Rheinische Post Krefeld Kempen
Zeit, sich ehrlich zu machen
Wenn Corona einmal vorbei ist…“So heben heute wie gestern hoffnungsvoll Gespräche an. Wieder sind Urlaubspläne Makulatur. Wieder wurde eine ersehnte Veranstaltung abgesagt, eine Feier, die wichtig war. Aber Corona ist nicht vorbei, im Gegenteil. Trotzdem: Die Kranken, die Toten – sie scheinen weit weg. Als Zugeständnis an die neue Normalität übriggeblieben sind die lästigen Masken. Aber der Sicherheitsabstand im Supermarkt oder beim Plaudern wird schon länger vernachlässigt. Händewaschen? Mehr als vor der Pandemie, aber weniger als noch vor Monaten.
Jetzt ist die Zeit, sich ehrlich zu machen. Es geht nicht nur um den Schutz der eigenen Gesundheit. Es geht auch darum, sich selbst als Glied in einer Kette zu verstehen, die eine Infektionskette sein könnte. Es geht um Menschen, die wir lieben und die wir womöglich in Gefahr bringen. Und damit geht es auf einmal um die ganz großen Dinge im Leben, die auf dem Spiel stehen: um Respekt, Verantwortung, Vertrauen, das Streben nach Glück und Freiheit.

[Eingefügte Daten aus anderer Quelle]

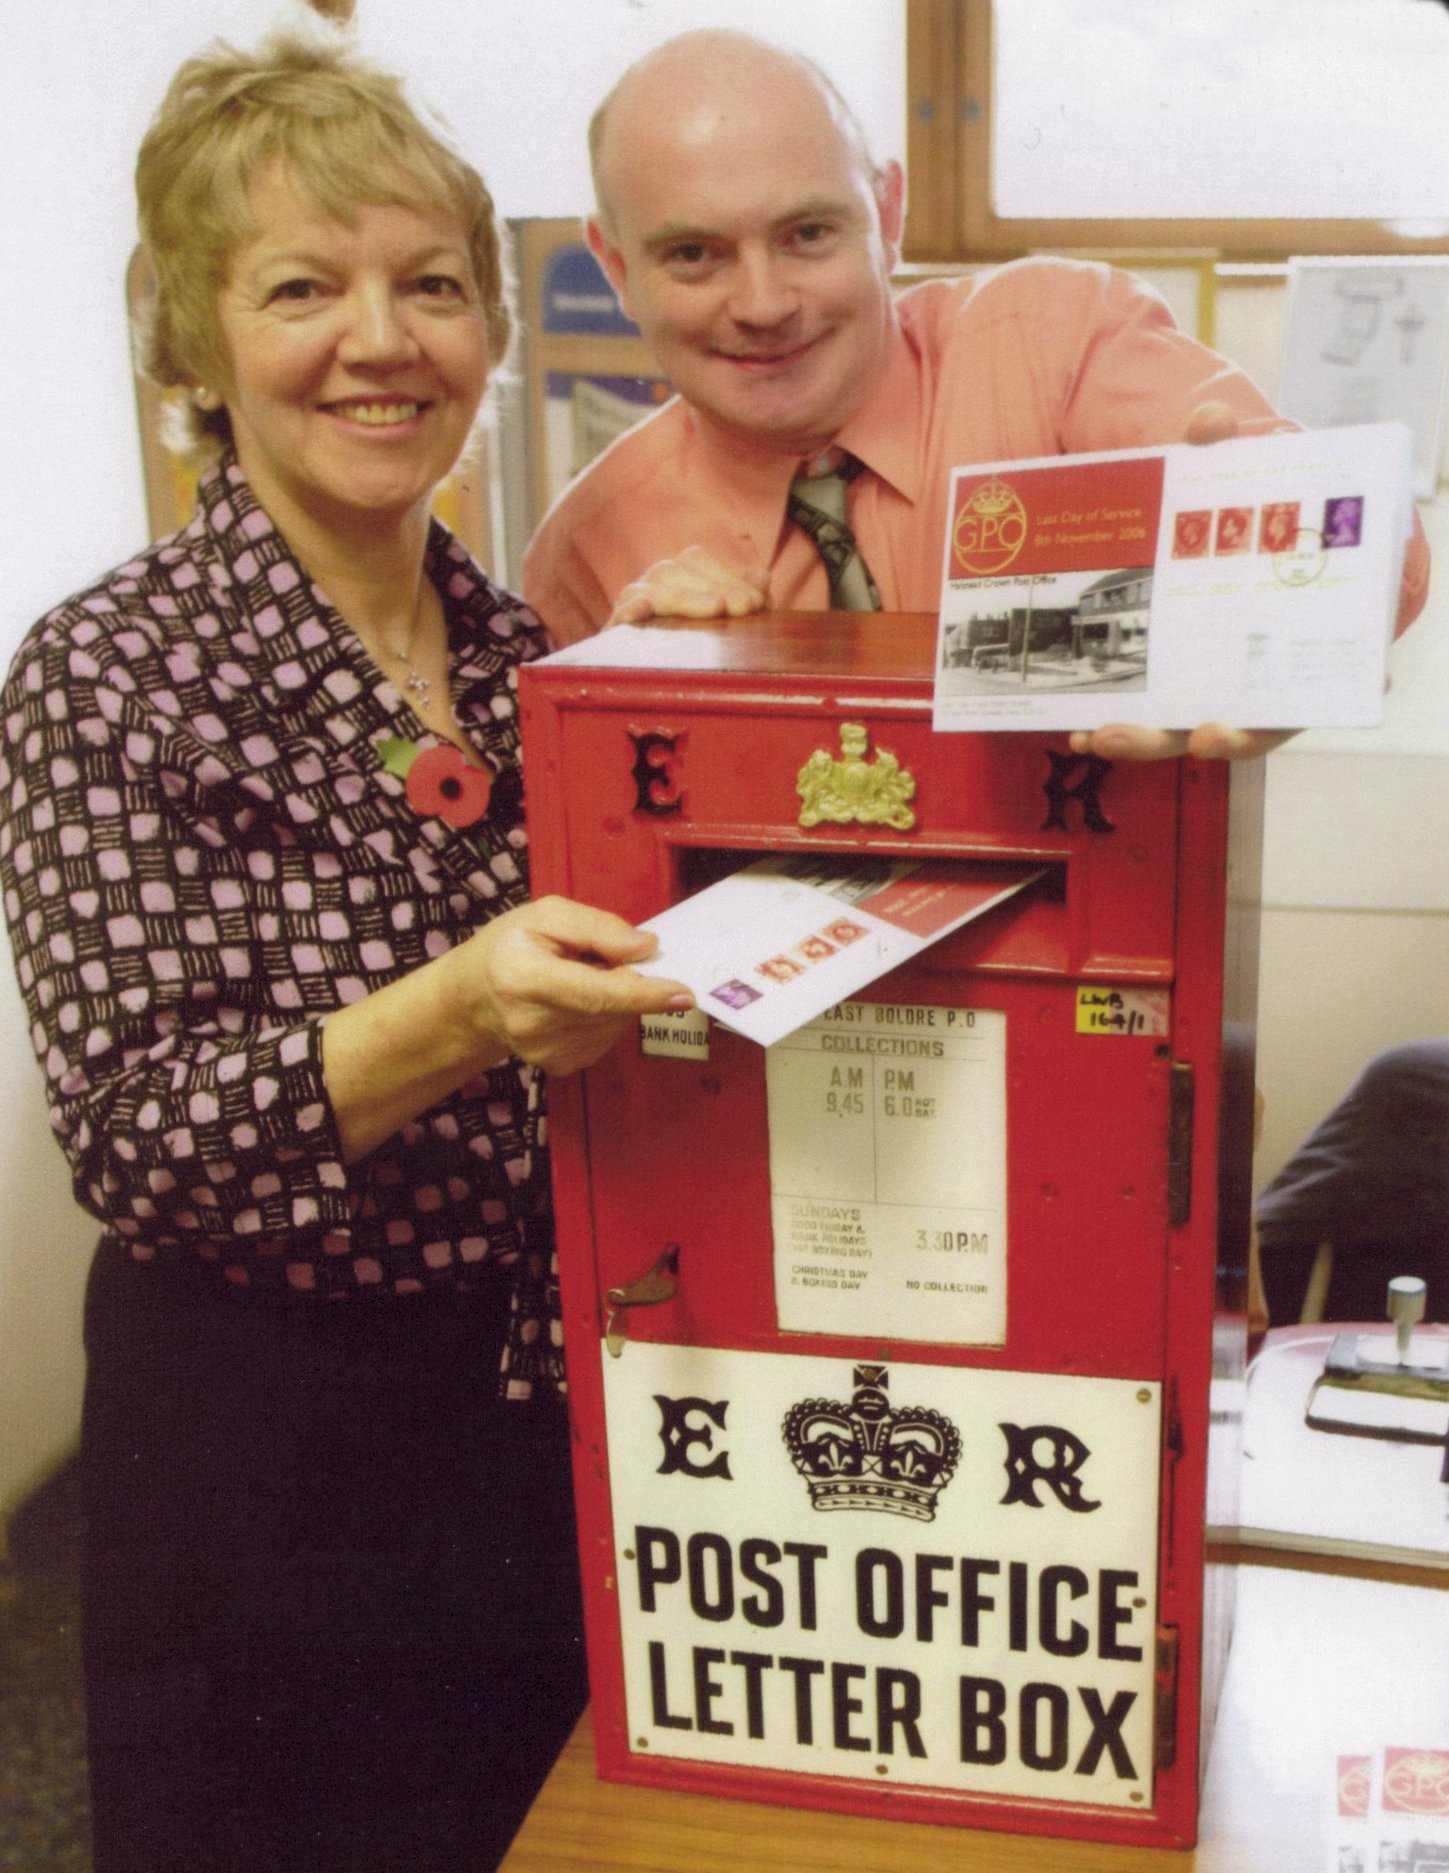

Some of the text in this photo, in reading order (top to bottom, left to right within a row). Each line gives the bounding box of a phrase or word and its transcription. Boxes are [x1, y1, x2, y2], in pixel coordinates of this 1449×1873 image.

[1036, 507, 1142, 526] Last Day of Service
[954, 514, 1027, 552] GPO
[1055, 531, 1113, 544] November
[625, 724, 688, 818] E
[821, 1034, 945, 1057] COLLECTIONS
[826, 1092, 865, 1115] 9.45
[791, 1204, 861, 1221] SUNDAYS
[791, 1264, 869, 1279] CHRISTMAS DAY
[802, 1277, 838, 1289] BOXING
[841, 1280, 860, 1290] DAY
[906, 1280, 989, 1294] NO COLLECTION
[652, 1395, 1102, 1513] E R
[635, 1525, 1143, 1663] POST OFFICE
[649, 1641, 1139, 1781] LETTER BOX
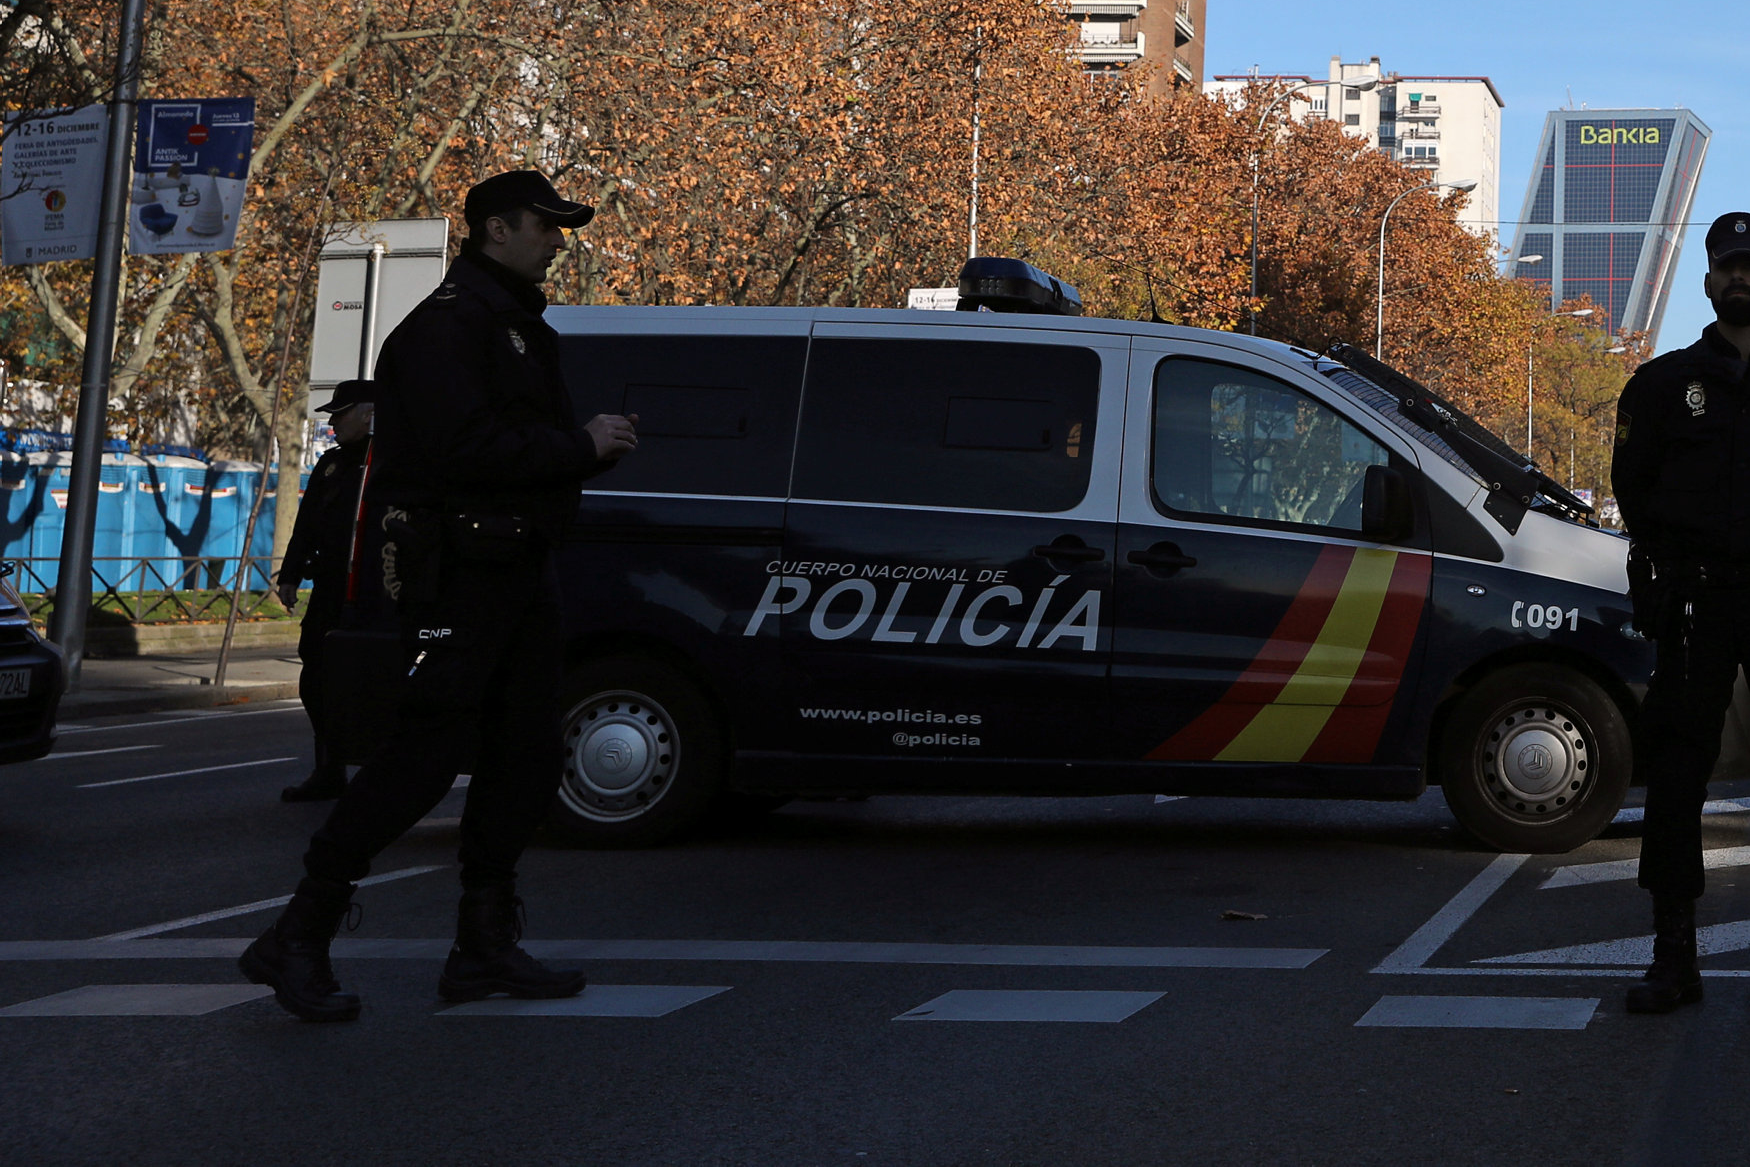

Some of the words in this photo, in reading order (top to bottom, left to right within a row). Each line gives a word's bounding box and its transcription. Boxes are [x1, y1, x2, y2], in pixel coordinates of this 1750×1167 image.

[57, 122, 100, 134] DICIEMBRE
[1581, 125, 1660, 144] Bankia
[39, 245, 77, 256] MADRID
[766, 560, 856, 577] CUERPO
[860, 564, 969, 582] NACIONAL
[976, 570, 1008, 584] DE
[743, 574, 1101, 652] POLICÍA
[1527, 604, 1579, 631] 091
[418, 628, 453, 640] CNP
[800, 708, 982, 725] www.policia.es
[892, 732, 981, 747] @policia
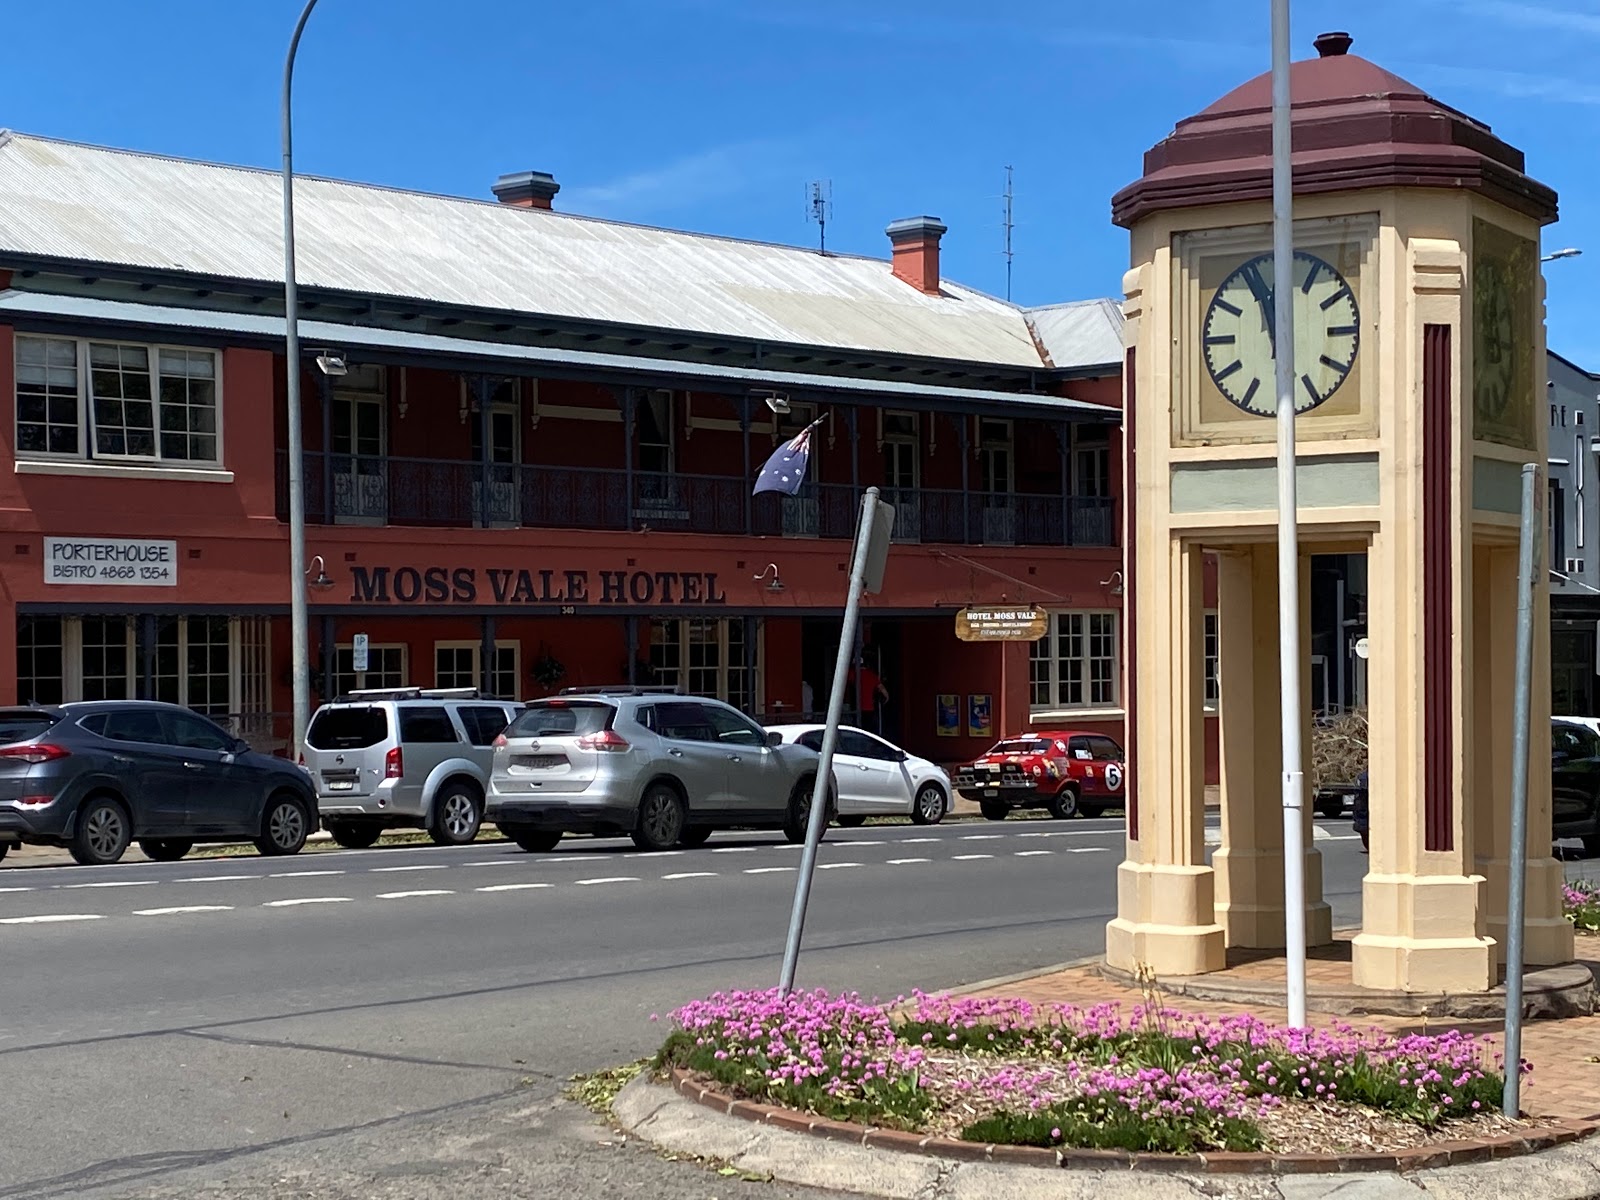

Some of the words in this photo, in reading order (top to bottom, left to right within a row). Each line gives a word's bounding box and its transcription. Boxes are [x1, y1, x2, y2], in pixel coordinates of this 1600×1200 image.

Das ist der Kitt, der eine offene Gesellschaft zusammenhält, das Band zwischen Starken und Schwachen, Jungen und Alten – nicht nur in Corona-Zeiten. Die Krise erfordert keine neue Ethik, vielmehr die Rückbesinnung auf die vorhandene – und eineWeitung des Blicks. Forscher des Potsdam-Instituts für Klimafolgenforschung haben kürzlich eine Art neuen Generationenvertrag vorgeschlagen: Die Jüngeren halten sich strikt an die Hygiene-Regeln und schützen damit die Älteren, die sich im Gegenzug stärker fürs Klima einsetzen. Warum nicht? Daraus könnte mehr erwachsen als durch immer neue Vorschriften und Verbote.
Wann Corona vorbei ist, liegt vor allem an uns selbst. Und wahrscheinlich gilt das für viel mehr Dinge, als wir auf den ersten Blick für möglich halten.